Comentario
CAPÍTULO VI
Llegan los indios casi a rendir una carabela, y el desatino de un español desvanecido
Habiendo experimentado los indios que por mucho perseguir a los españoles no conseguían lo que deseaban, que era matarlos todos, antes les hacían navegar con más orden y concierto sin apartarse unos de otros, usaron de un ardid de guerra. Y fue que se alejaron de los bergantines o carabelas con esperanza que, descuidándolos, podría ser que se desmandasen unas de otras y diesen ocasión a que las desbaratasen hallándolas divididas cada una de por sí. Con esta astucia se quedaron el río arriba, dando a entender que dejaban libres las carabelas, las cuales navegaban con próspero viento. Yendo, pues, así en su viaje, se apartó una de ellas, sin propósito alguno, y salió de la orden que todas llevaban y se quedó atrás menos de cien pasos.
Los indios, viendo que no les había salido vano el ardid y engaño, no quisieron perder la ocasión que se les ofrecía, y así, a toda furia, arremetieron de todas partes con la carabela y abordaron con ella para la rendir y tomar a manos.
Las otras seis que iban delante, reconociendo el descuido de la compañera, amainaron las velas, y a toda diligencia volvieron con los remos a socorrerla, y aunque era poca la distancia, en ser contra la corriente del río, arribaron con mucha dificultad y trabajo, y, cuando llegaron al bergantín hallaron los castellanos que iban dentro tan apretados por la inundación de los indios que sobre ellos habían cargado que se defendían a golpe de espada y no podían acudir a tantas partes como era menester, por donde los enemigos entraban en la carabela, de los cuales había algunos ya dentro y otros muchos estaban asidos de ella.
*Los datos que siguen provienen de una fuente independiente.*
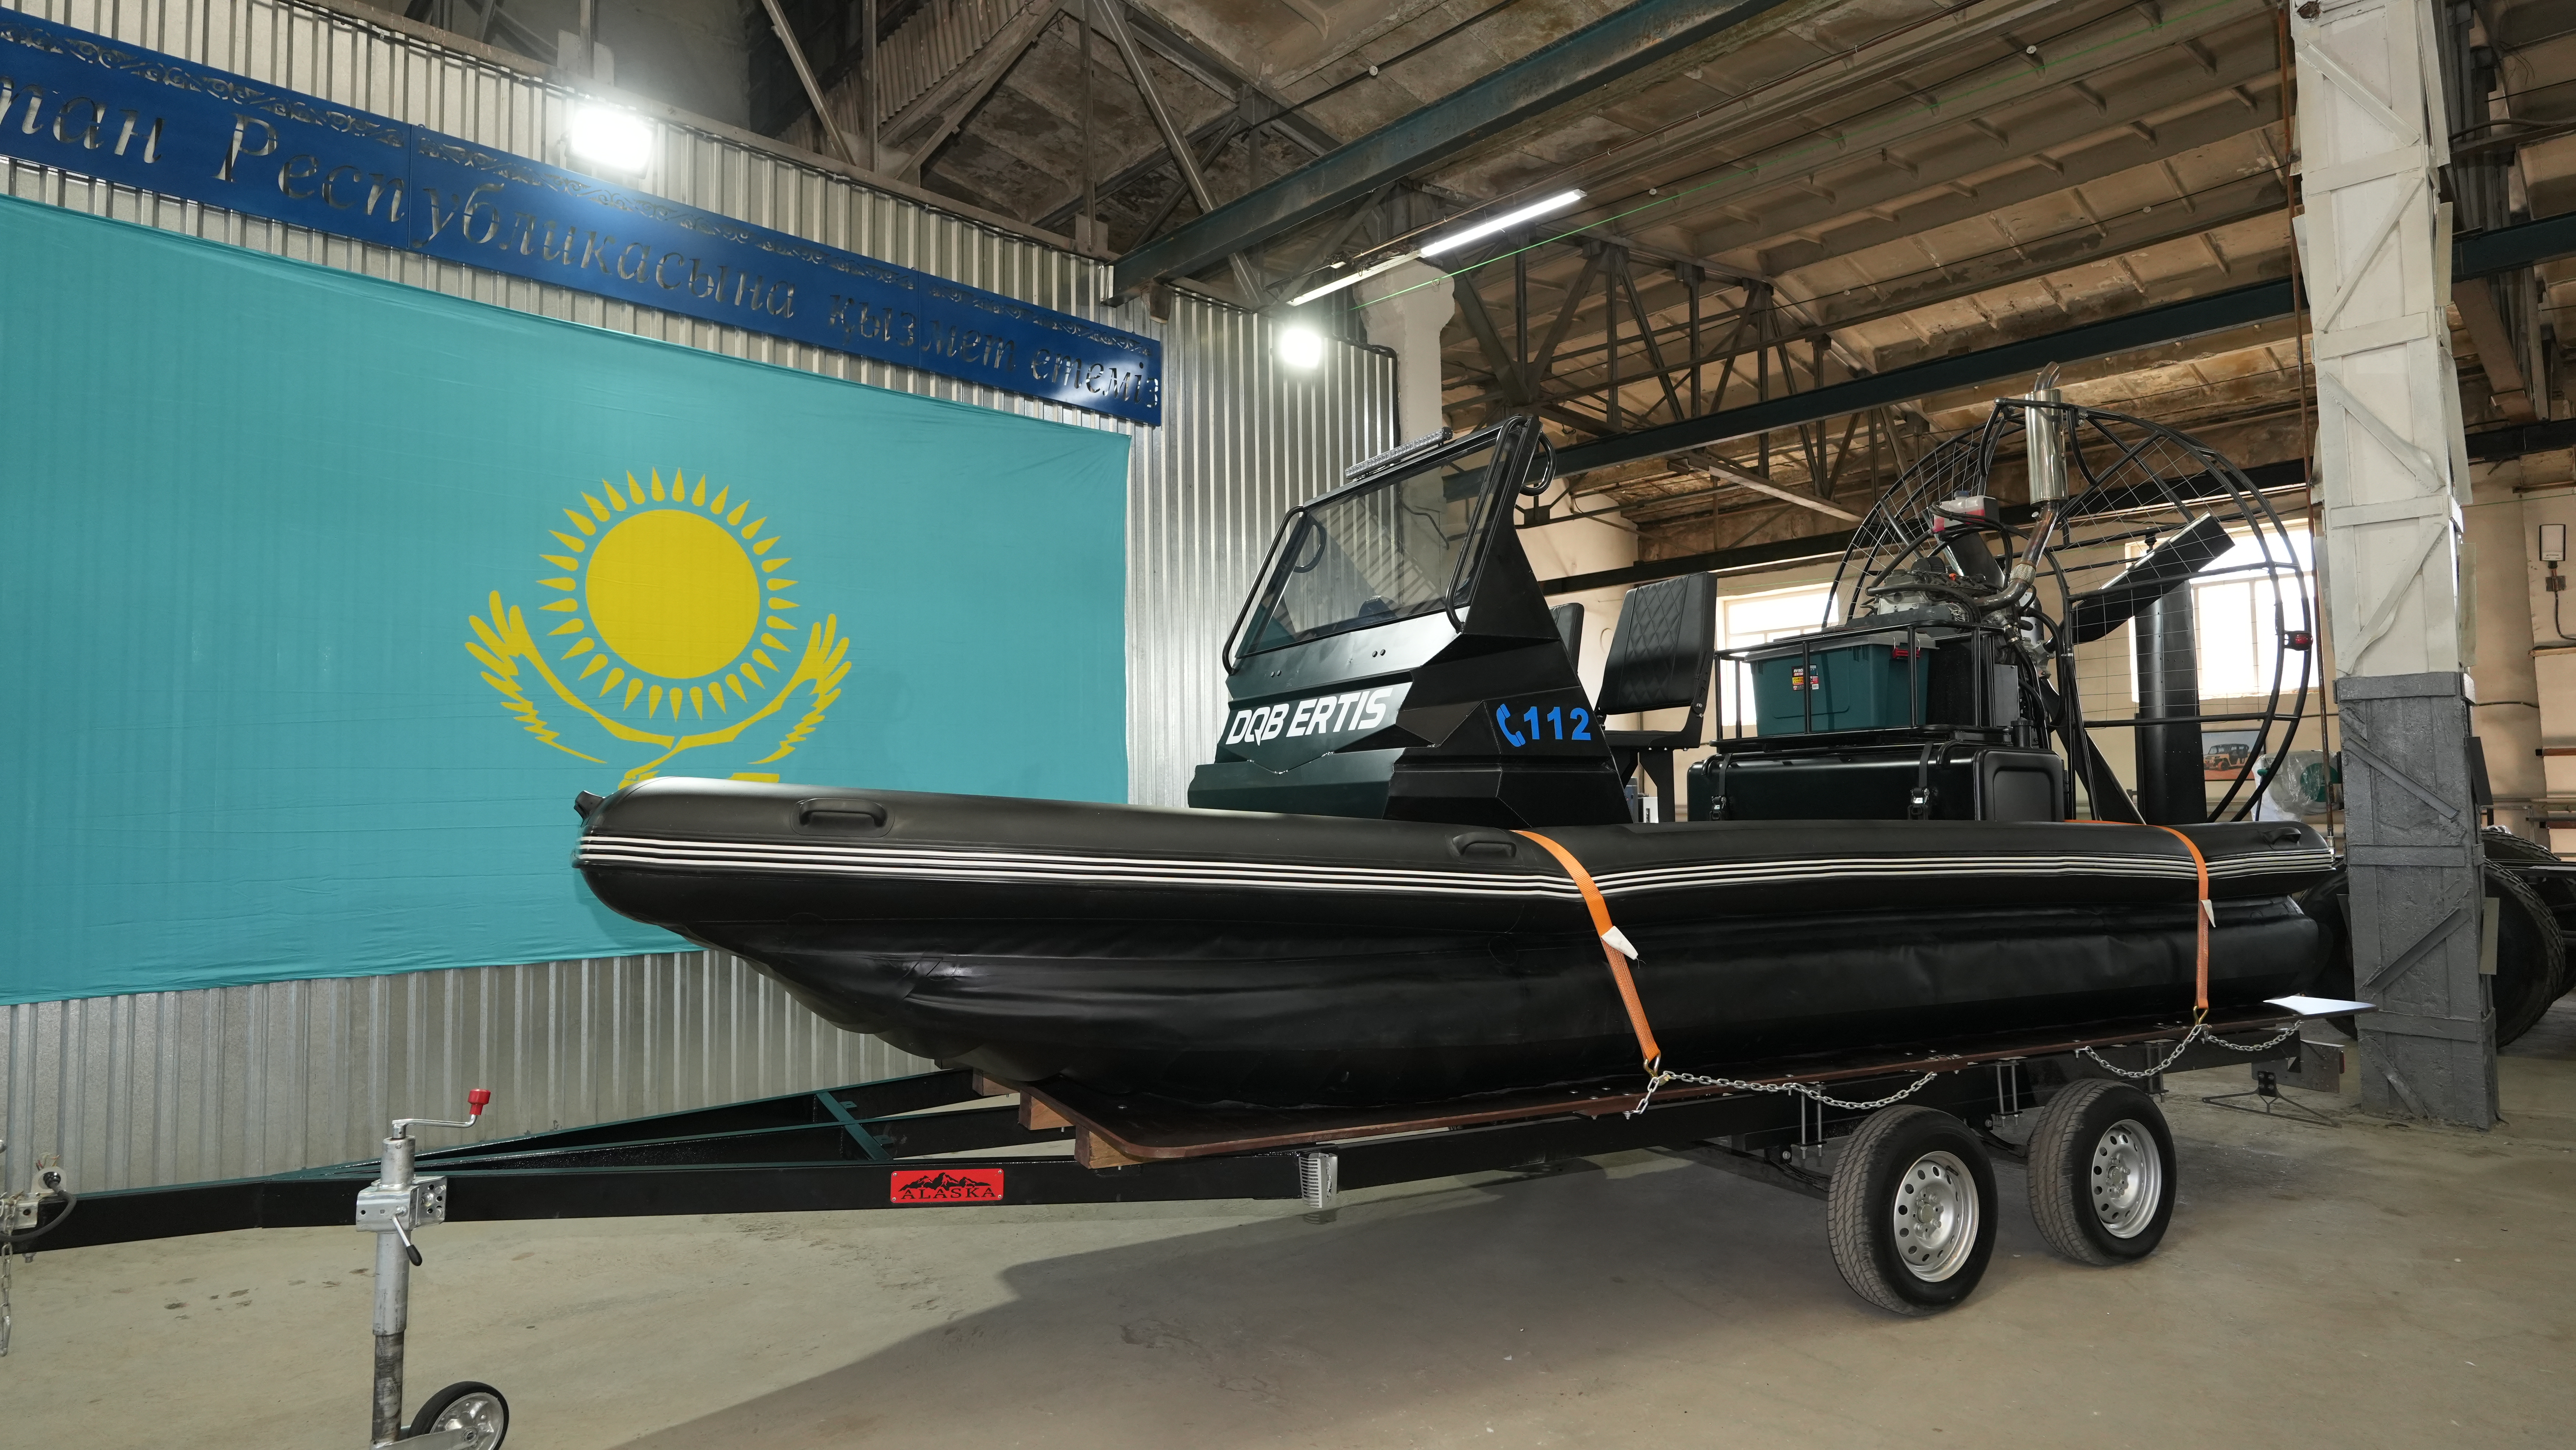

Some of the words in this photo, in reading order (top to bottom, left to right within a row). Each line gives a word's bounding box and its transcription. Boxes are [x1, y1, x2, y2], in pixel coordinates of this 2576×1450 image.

[211, 113, 795, 318] Республикасына
[830, 295, 1016, 371] қызмет
[1031, 349, 1158, 408] етеміз
[1226, 704, 1289, 746] DQB
[1286, 688, 1393, 737] ERTIS
[1524, 706, 1591, 740] 112
[901, 1188, 995, 1199] ALASKA
Mas con la llegada de los nuestros se retiraron afuera, llevándose consigo la canoa que la carabela traía por popa con cinco cochinas de las que habían reservado para criar [si] poblasen en alguna parte. Este fue el suceso del día decimotercio de la navegación de los españoles, los cuales, atribuyendo a la misericordia de Dios el no habérseles perdido la carabela, se apercibieron y encomendaron de nuevo unos a otros que, para no verse en afrenta y peligro semejante, tuviesen todos cuidado de no desmandarse ni salir de orden. Con ella navegaron otros dos días, y los indios iban siempre en pos de ellos, menos de un cuarto de legua, aguardando a que hubiese en los nuestros algún desconcierto para gozar de él.
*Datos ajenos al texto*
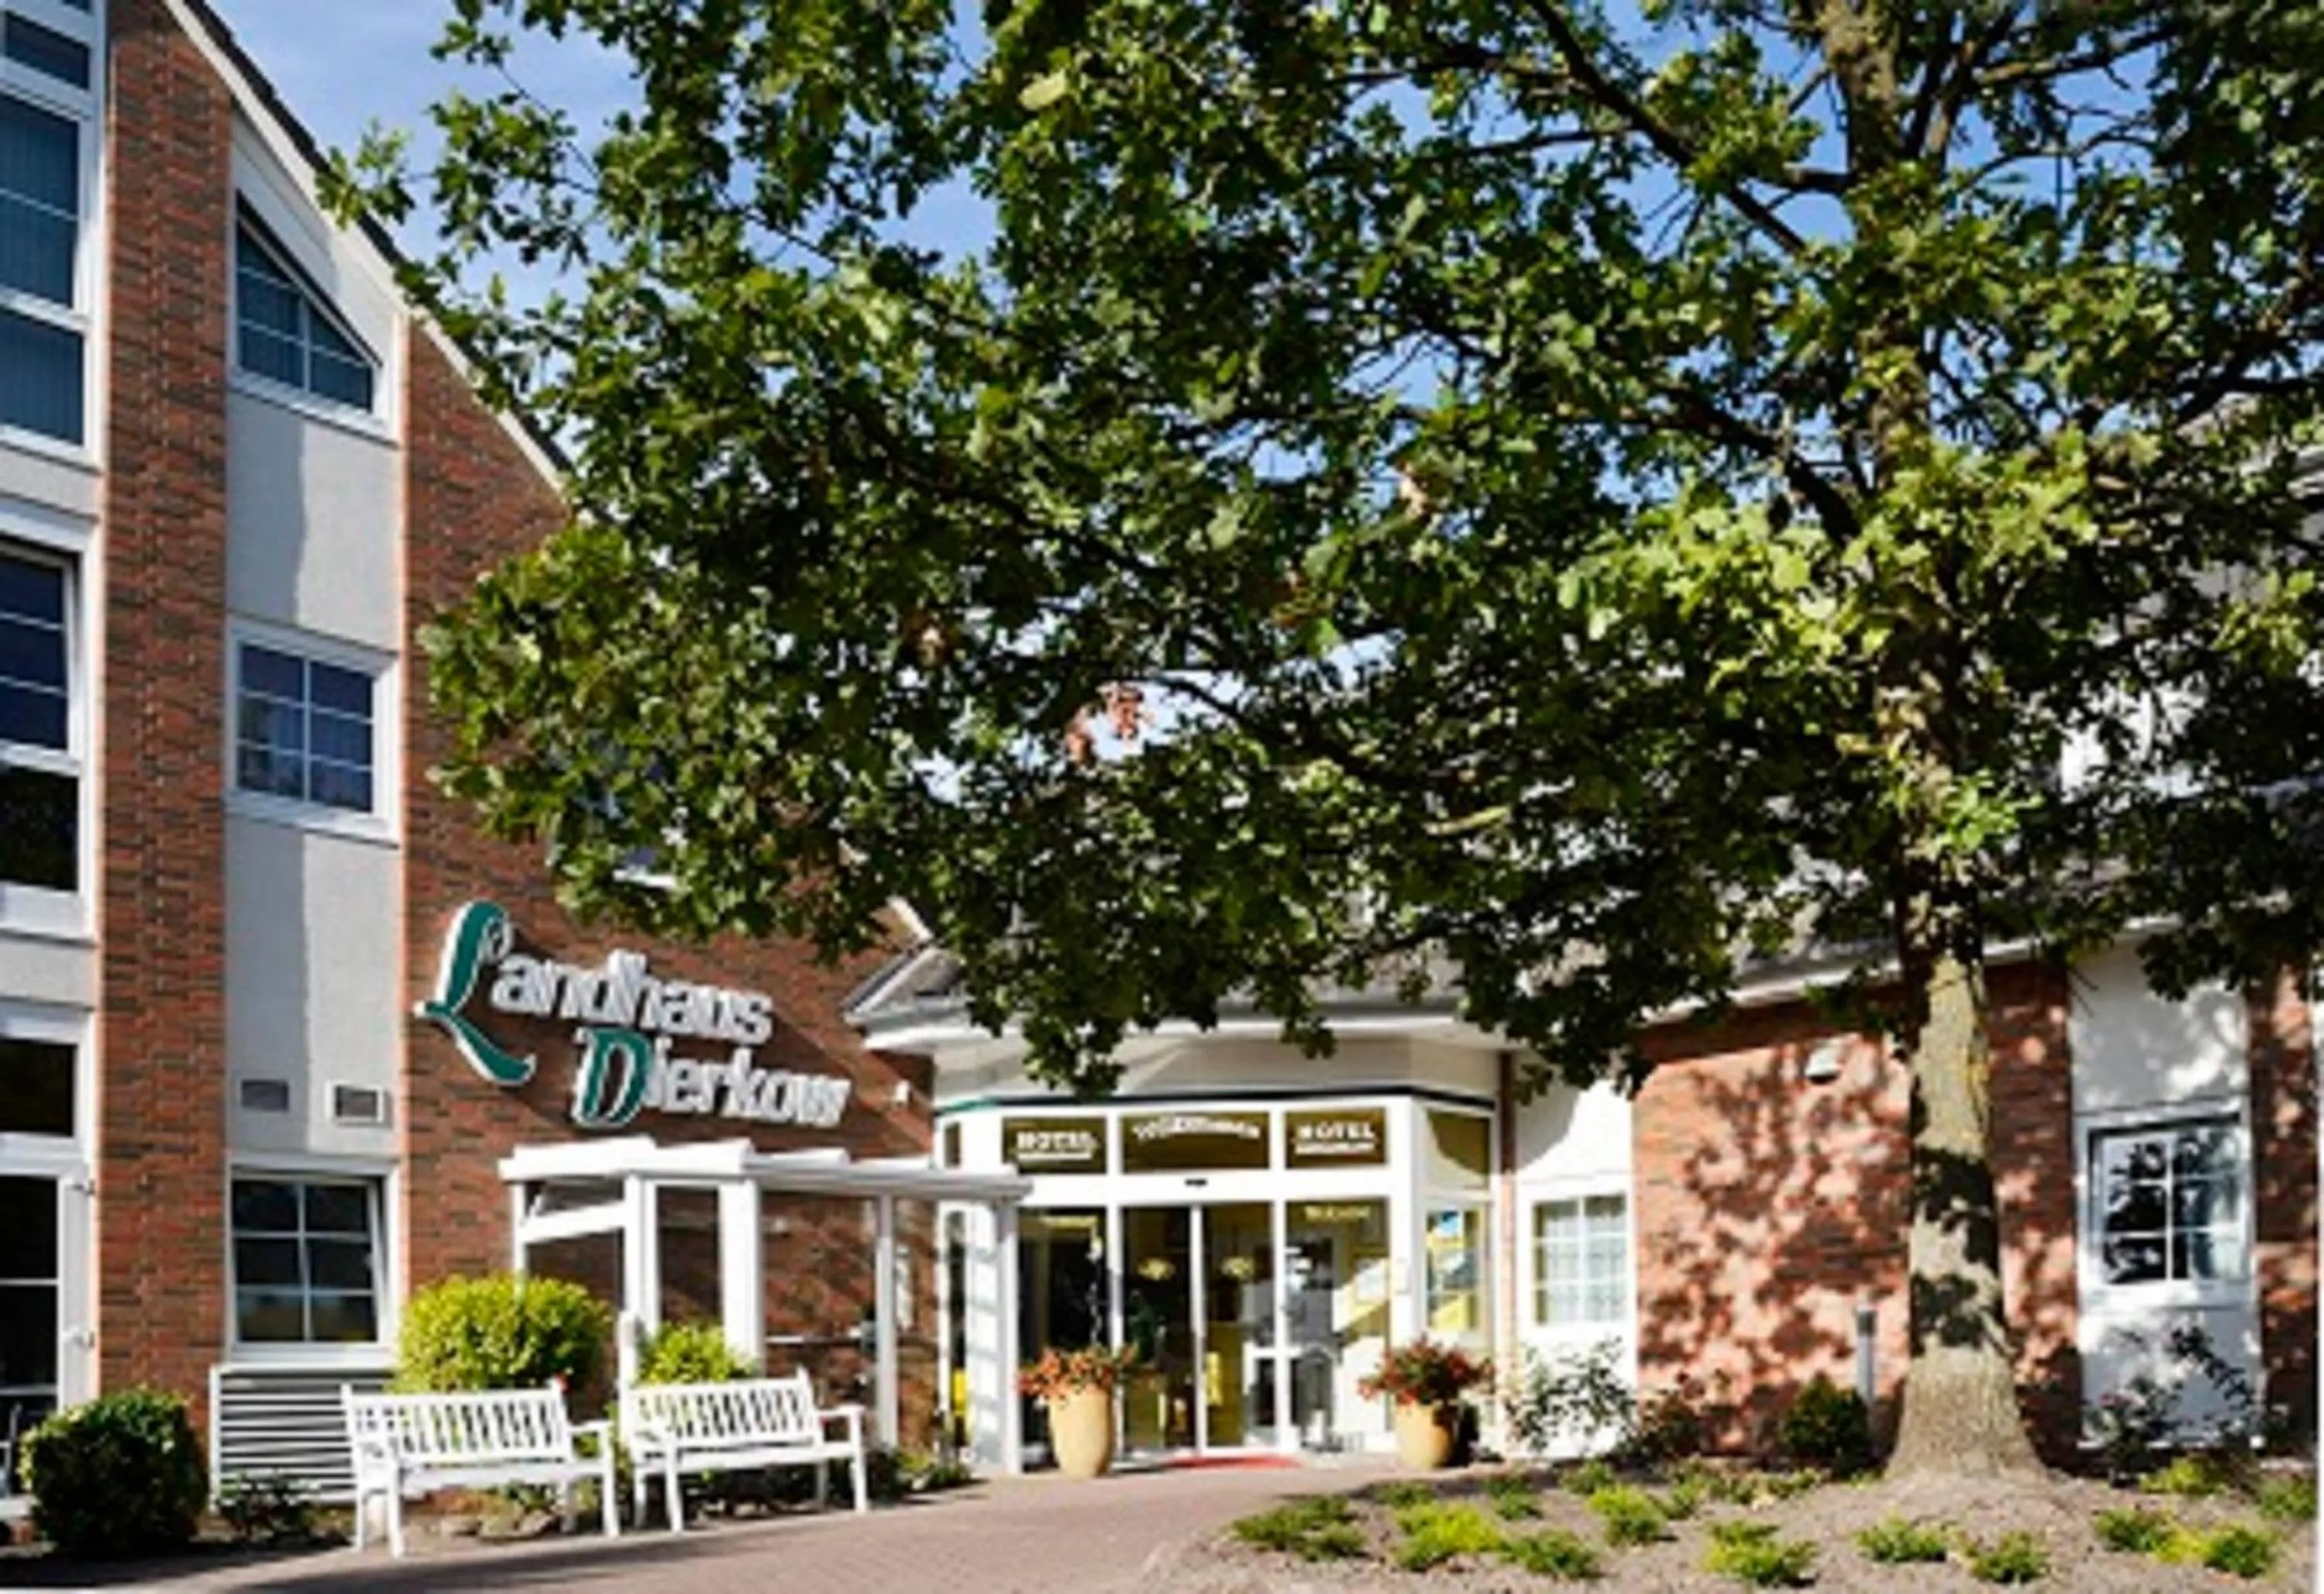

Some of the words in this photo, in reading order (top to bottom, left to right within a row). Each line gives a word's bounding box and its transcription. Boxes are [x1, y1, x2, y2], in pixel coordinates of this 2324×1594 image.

[413, 899, 772, 1084] Landhaus
[571, 1025, 851, 1129] Dierkow
[1297, 1121, 1376, 1140] HOTEL
Bien recatados y con gran vigilancia navegaban nuestros españoles, viendo cuán a la mira venían los indios para no perder ocasión en que les pudiesen ofender, mas por mucha diligencia que pusieron no les bastó para que el decimosexto día de su navegación no les sucediese una desgracia y pérdida de mucha lástima y dolor, y tanto más de llorar cuando la causa fue más desatinada y disparada y menos ocasionada de peligro que los forzase o necesitase a poner en riesgo de perder las vidas, como las perdieron cuarenta y ocho hombres de los mejores y más valientes que en el armada iban. Mas al desatino de un temerario no hay gobierno que baste a resistir, porque destruye más un loco que edifican cien cuerdos. Y porque se entienda mejor el mal suceso de los nuestros, se me permita contarlo a la larga cómo pasó y quién fue la causa de tanto mal y daño.
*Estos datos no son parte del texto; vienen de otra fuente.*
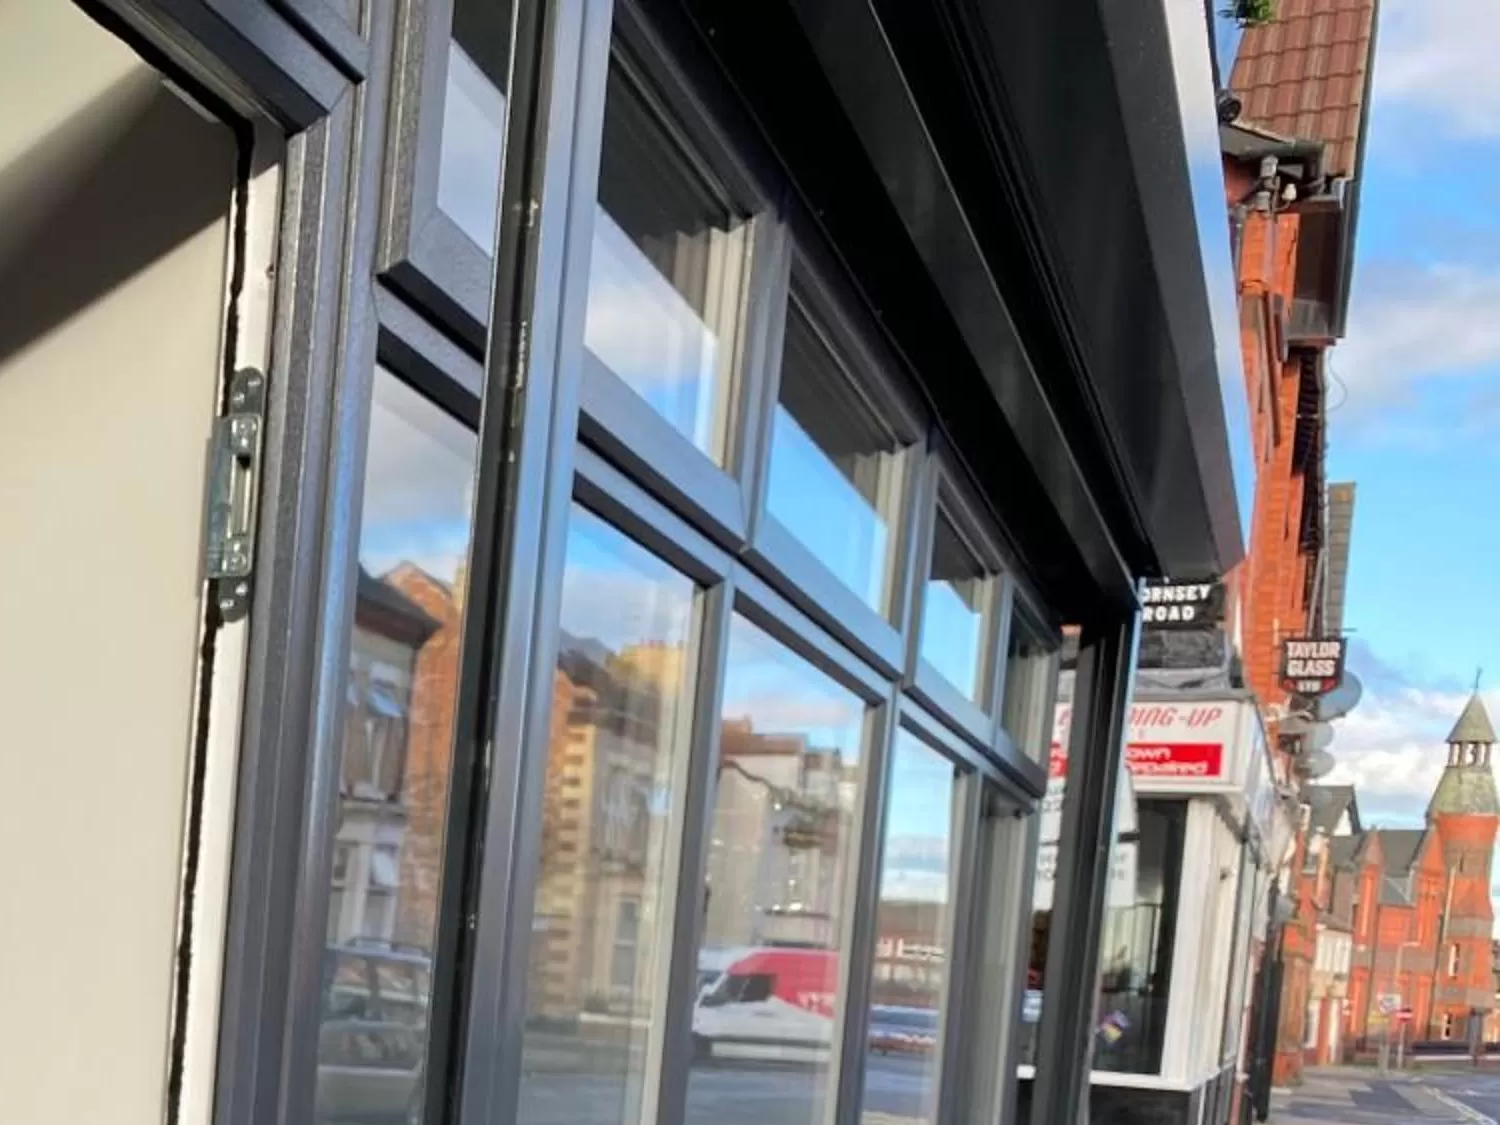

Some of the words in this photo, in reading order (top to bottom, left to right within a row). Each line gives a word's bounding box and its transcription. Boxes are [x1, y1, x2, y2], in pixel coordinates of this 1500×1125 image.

Entre los españoles de esa armada venía uno natural de Villanueva de Barcarrota, llamado Esteban Añez, hombre rústico, el cual metió en la Florida un caballo que, aunque villano de talle, era fuerte y recio, que por serlo tanto, o porque alguna flecha no le alcanzó por buen lugar, que es lo más cierto, había servido hasta el fin de la jornada y fue uno de los pocos que los castellanos embarcaron en los bergantines para esta navegación que vamos contando.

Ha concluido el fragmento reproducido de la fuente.